## What you should do
Please set down, unchanged, the line containing "this 1376×1536 image." and all the lines that follow it until the data below ends.
(Material for this exercise begins)
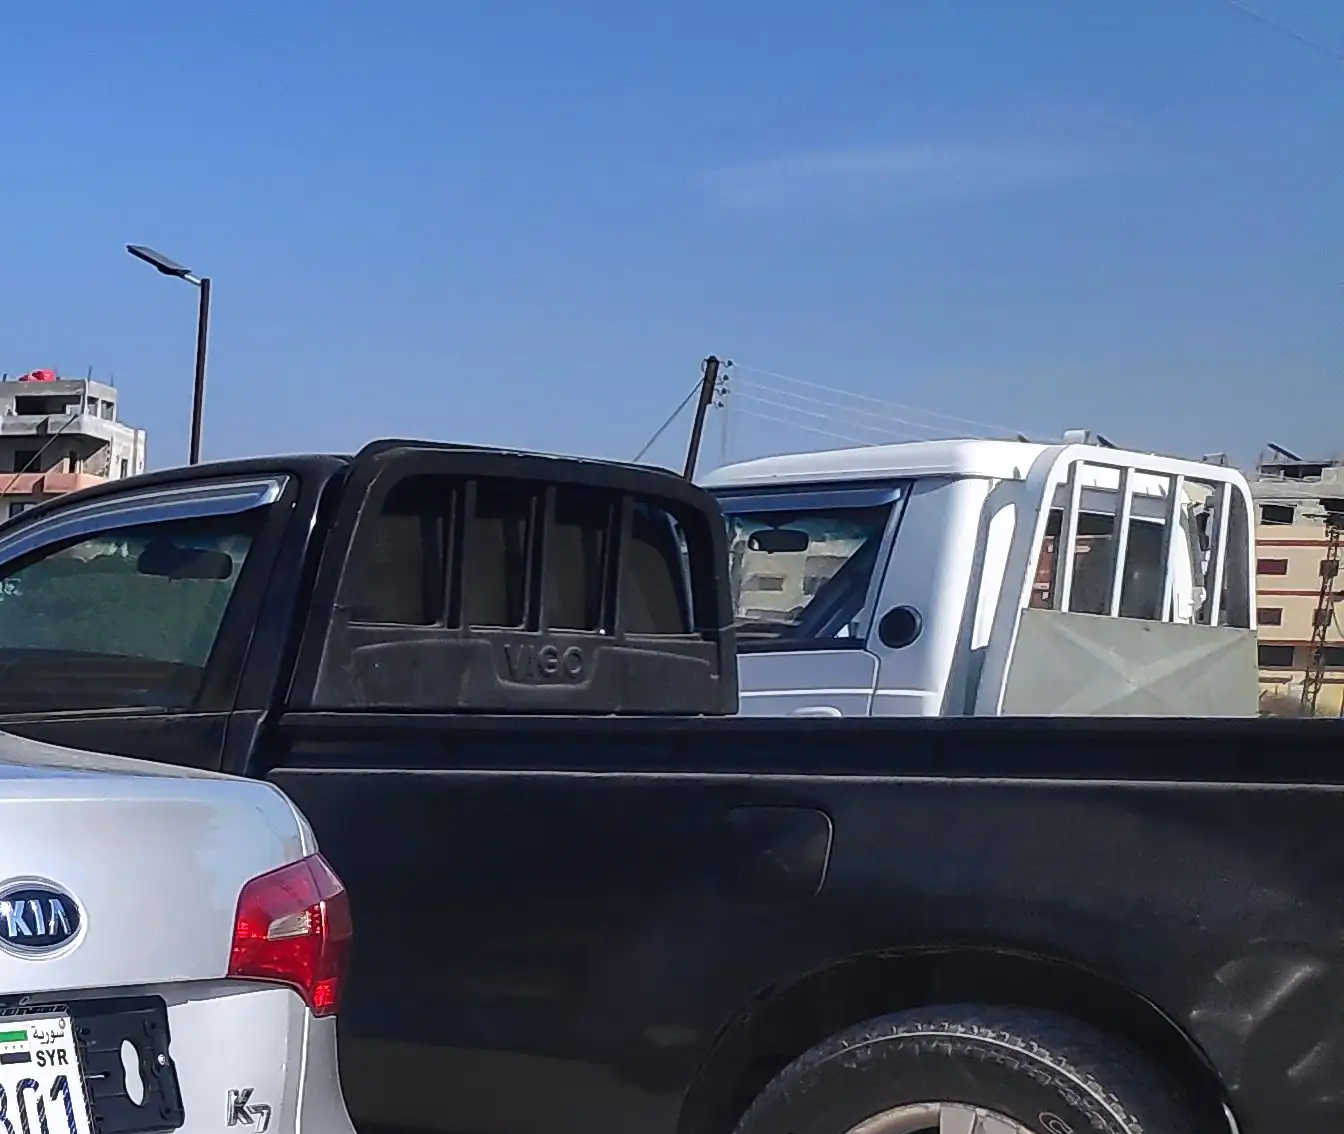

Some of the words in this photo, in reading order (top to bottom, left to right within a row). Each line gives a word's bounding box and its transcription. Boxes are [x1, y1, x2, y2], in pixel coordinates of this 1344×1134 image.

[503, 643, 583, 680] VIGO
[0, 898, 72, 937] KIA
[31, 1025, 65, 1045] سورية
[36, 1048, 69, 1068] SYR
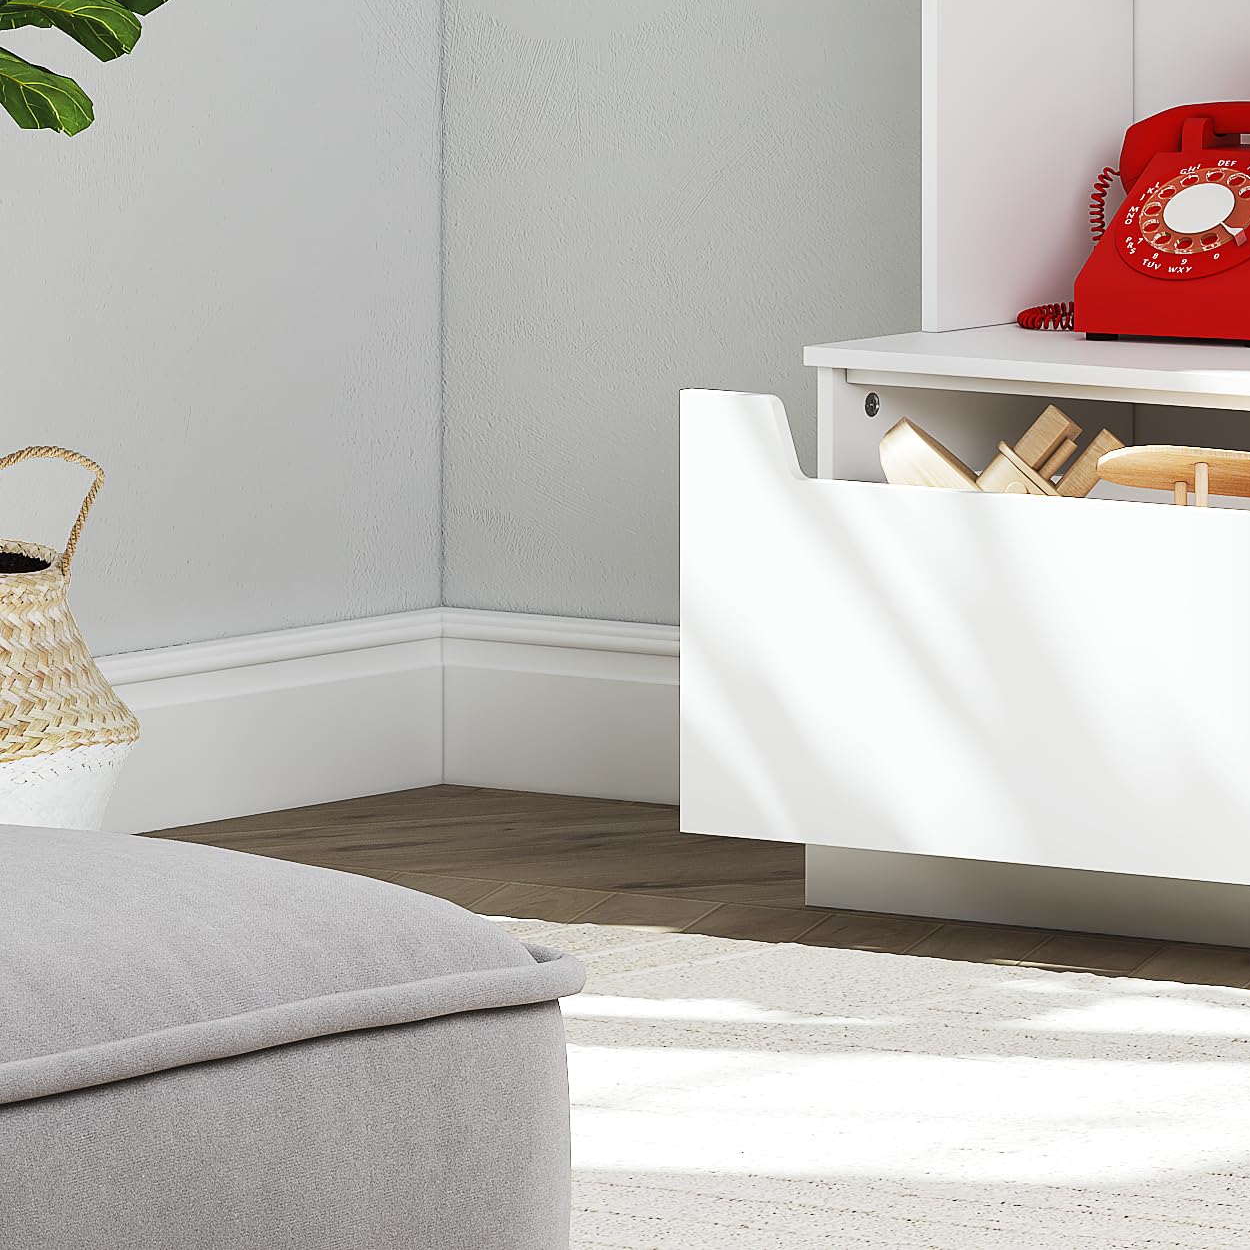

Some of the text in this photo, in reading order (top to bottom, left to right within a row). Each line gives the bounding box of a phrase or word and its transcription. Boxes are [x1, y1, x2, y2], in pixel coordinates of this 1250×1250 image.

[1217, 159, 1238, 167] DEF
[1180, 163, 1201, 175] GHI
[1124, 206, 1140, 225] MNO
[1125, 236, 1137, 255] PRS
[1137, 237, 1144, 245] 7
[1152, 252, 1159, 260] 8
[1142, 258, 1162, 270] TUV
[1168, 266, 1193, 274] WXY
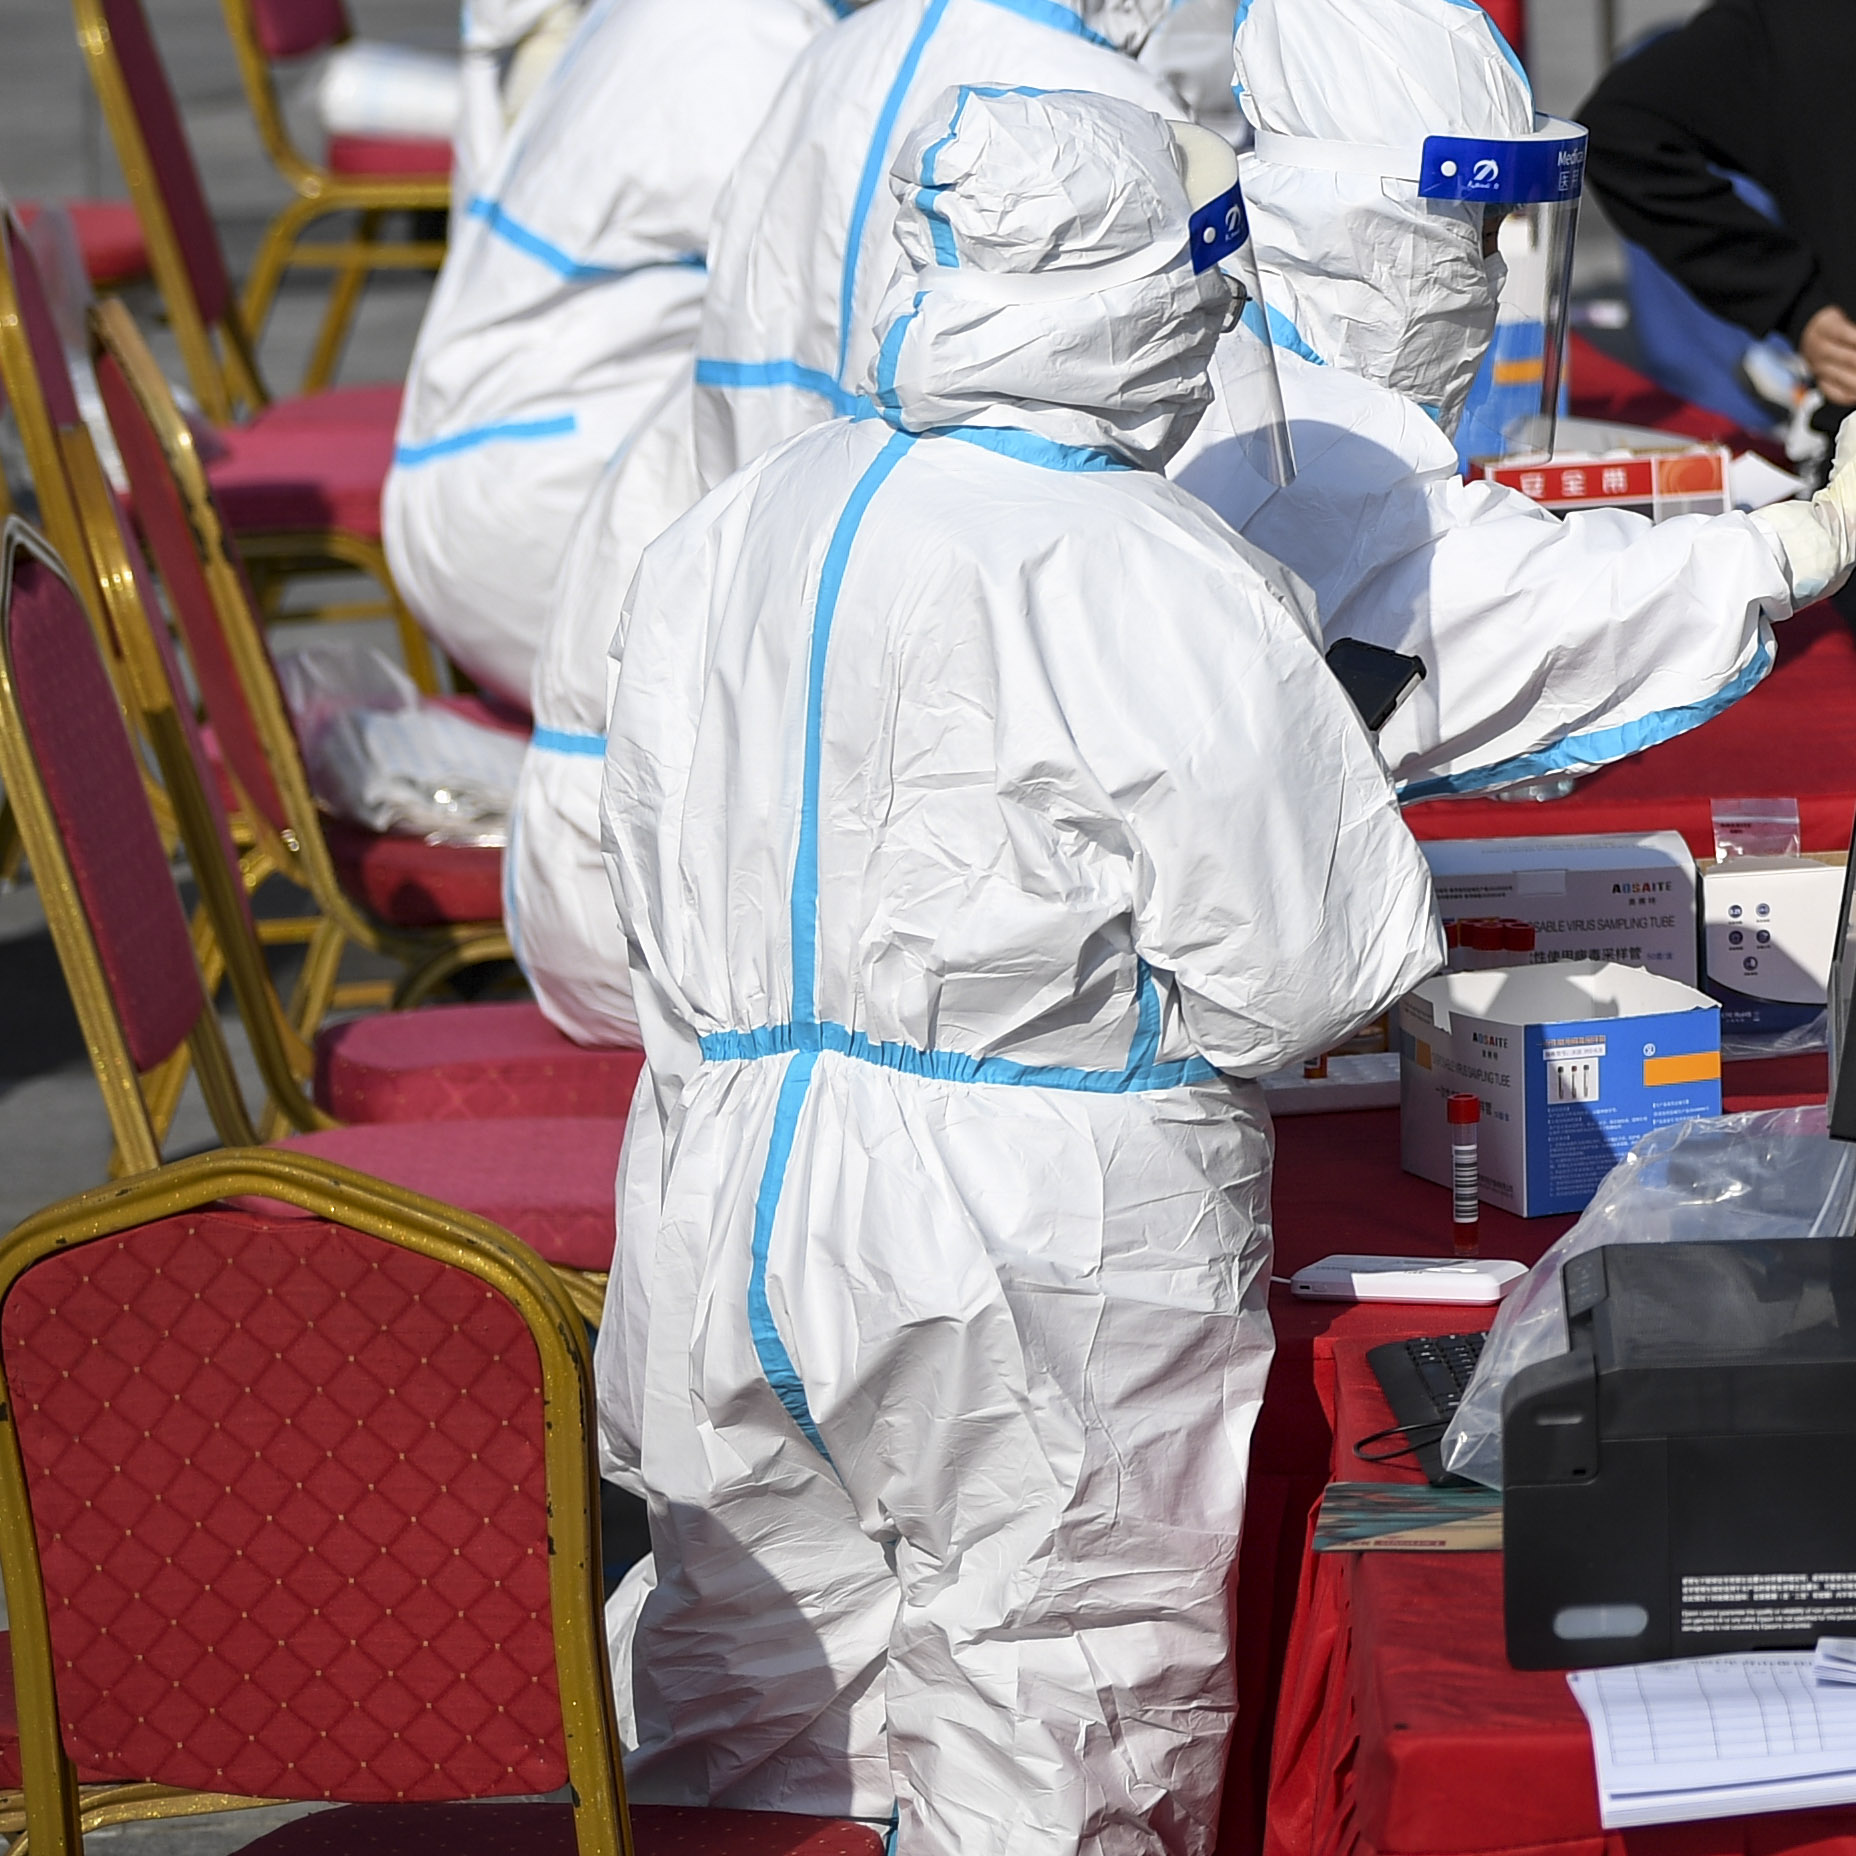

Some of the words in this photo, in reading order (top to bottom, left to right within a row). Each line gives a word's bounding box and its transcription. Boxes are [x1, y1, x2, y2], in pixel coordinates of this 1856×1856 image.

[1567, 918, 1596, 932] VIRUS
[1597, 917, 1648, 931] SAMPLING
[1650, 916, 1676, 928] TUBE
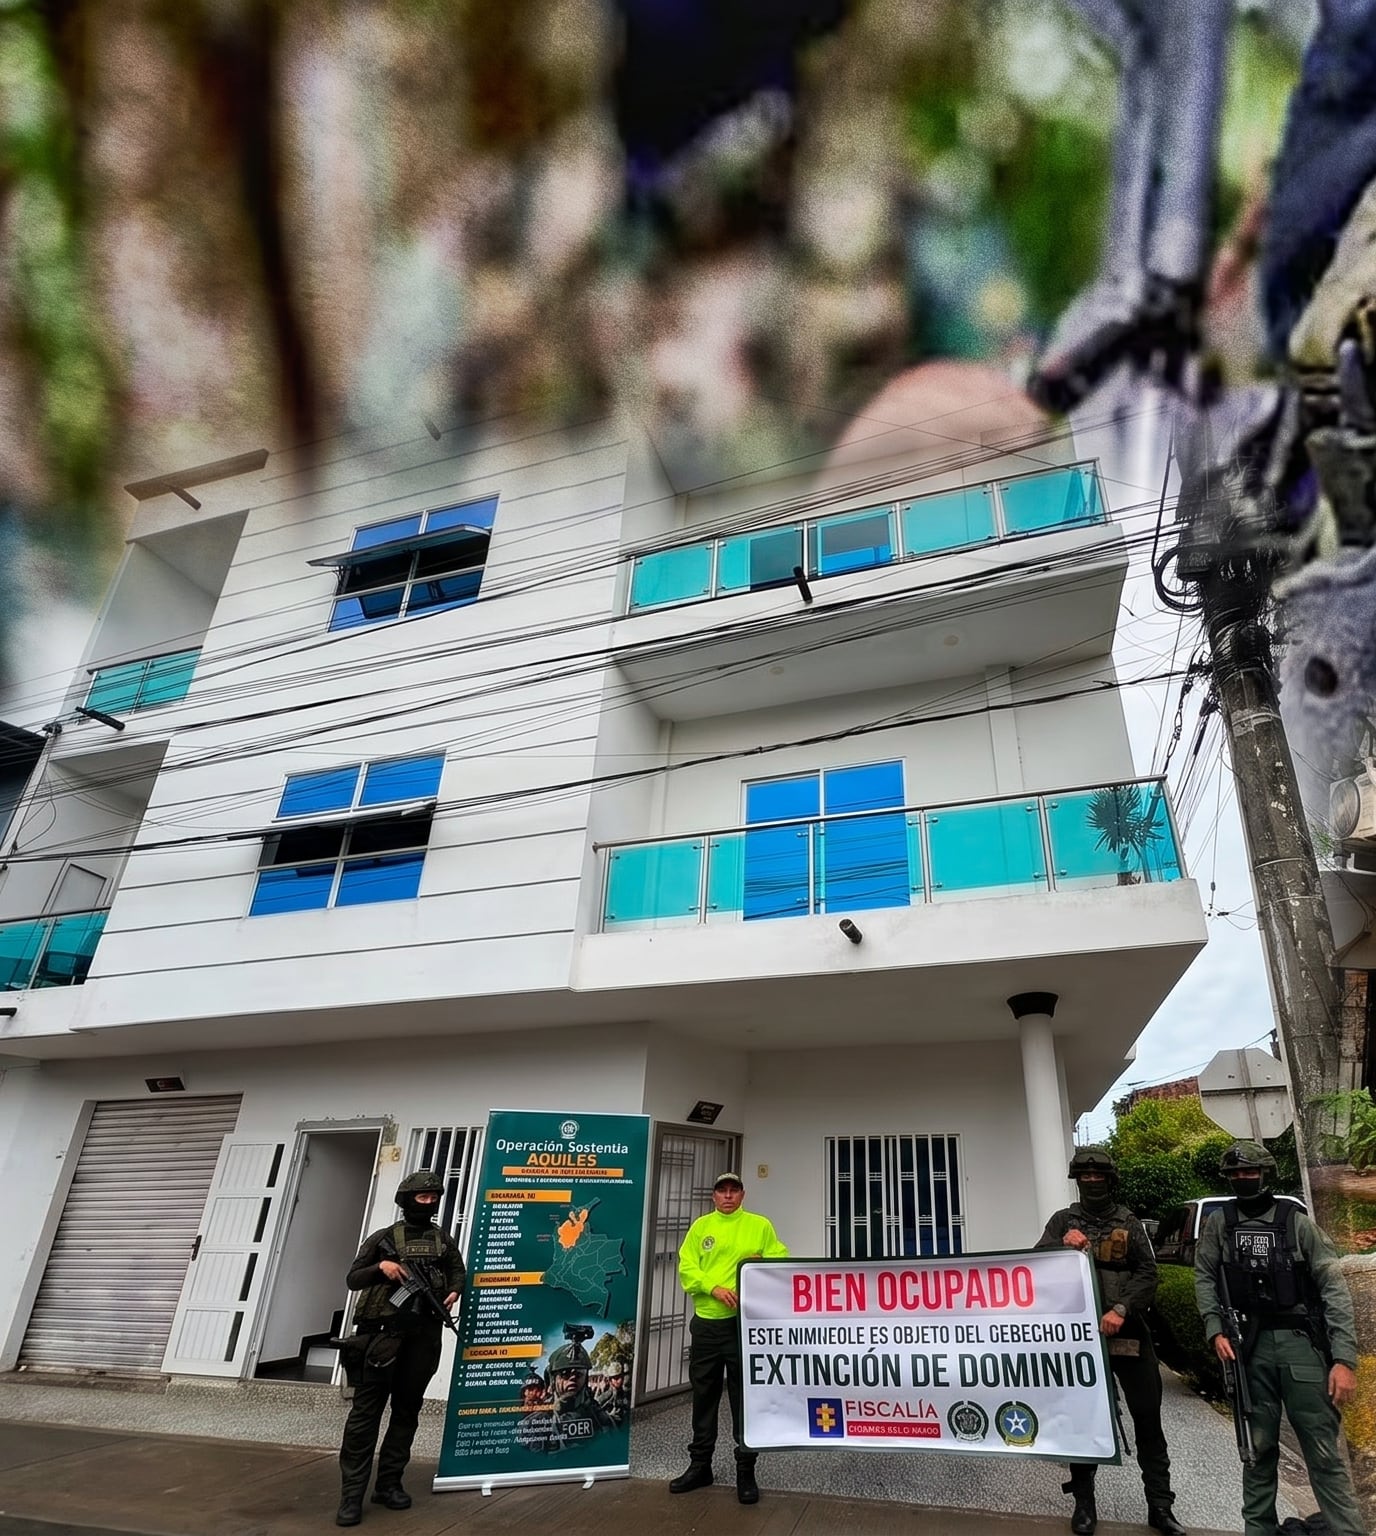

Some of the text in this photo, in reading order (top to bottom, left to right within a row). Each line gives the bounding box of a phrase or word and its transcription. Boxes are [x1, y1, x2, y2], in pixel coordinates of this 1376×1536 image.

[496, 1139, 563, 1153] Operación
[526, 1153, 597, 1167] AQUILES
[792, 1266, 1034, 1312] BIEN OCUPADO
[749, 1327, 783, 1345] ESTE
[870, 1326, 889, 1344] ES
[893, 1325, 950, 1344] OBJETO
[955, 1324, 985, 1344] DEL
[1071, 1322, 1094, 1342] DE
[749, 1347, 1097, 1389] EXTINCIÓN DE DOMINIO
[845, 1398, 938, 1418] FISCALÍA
(Material for this exercise ends)
## Completed exercise
Some of the text in this photo, in reading order (top to bottom, left to right within a row). Each line gives the bounding box of a phrase or word and its transcription. Boxes are [x1, y1, x2, y2], in pixel coordinates of this 1376×1536 image.

[496, 1139, 563, 1153] Operación
[526, 1153, 597, 1167] AQUILES
[792, 1266, 1034, 1312] BIEN OCUPADO
[749, 1327, 783, 1345] ESTE
[870, 1326, 889, 1344] ES
[893, 1325, 950, 1344] OBJETO
[955, 1324, 985, 1344] DEL
[1071, 1322, 1094, 1342] DE
[749, 1347, 1097, 1389] EXTINCIÓN DE DOMINIO
[845, 1398, 938, 1418] FISCALÍA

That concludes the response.